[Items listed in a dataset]
--- START ---

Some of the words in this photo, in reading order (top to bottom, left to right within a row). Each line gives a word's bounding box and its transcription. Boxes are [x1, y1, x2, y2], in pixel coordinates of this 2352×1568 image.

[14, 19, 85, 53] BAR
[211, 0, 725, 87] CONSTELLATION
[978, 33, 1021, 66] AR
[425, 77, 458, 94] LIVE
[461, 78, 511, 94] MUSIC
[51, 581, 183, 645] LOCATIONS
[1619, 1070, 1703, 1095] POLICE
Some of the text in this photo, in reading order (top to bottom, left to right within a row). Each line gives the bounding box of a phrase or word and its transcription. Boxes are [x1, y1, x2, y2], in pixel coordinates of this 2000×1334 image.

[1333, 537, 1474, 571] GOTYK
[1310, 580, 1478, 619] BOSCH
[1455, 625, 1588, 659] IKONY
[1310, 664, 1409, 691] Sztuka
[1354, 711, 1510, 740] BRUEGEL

--- END ---

* _TASK REQUIREMENTS_: Your answer should be the full set of records, printed exactly.

* _WRITTEN REPLY_:
Some of the words in this photo, in reading order (top to bottom, left to right within a row). Each line gives a word's bounding box and its transcription. Boxes are [x1, y1, x2, y2], in pixel coordinates of this 2352×1568 image.

[14, 19, 85, 53] BAR
[211, 0, 725, 87] CONSTELLATION
[978, 33, 1021, 66] AR
[425, 77, 458, 94] LIVE
[461, 78, 511, 94] MUSIC
[51, 581, 183, 645] LOCATIONS
[1619, 1070, 1703, 1095] POLICE
Some of the text in this photo, in reading order (top to bottom, left to right within a row). Each line gives the bounding box of a phrase or word and its transcription. Boxes are [x1, y1, x2, y2], in pixel coordinates of this 2000×1334 image.

[1333, 537, 1474, 571] GOTYK
[1310, 580, 1478, 619] BOSCH
[1455, 625, 1588, 659] IKONY
[1310, 664, 1409, 691] Sztuka
[1354, 711, 1510, 740] BRUEGEL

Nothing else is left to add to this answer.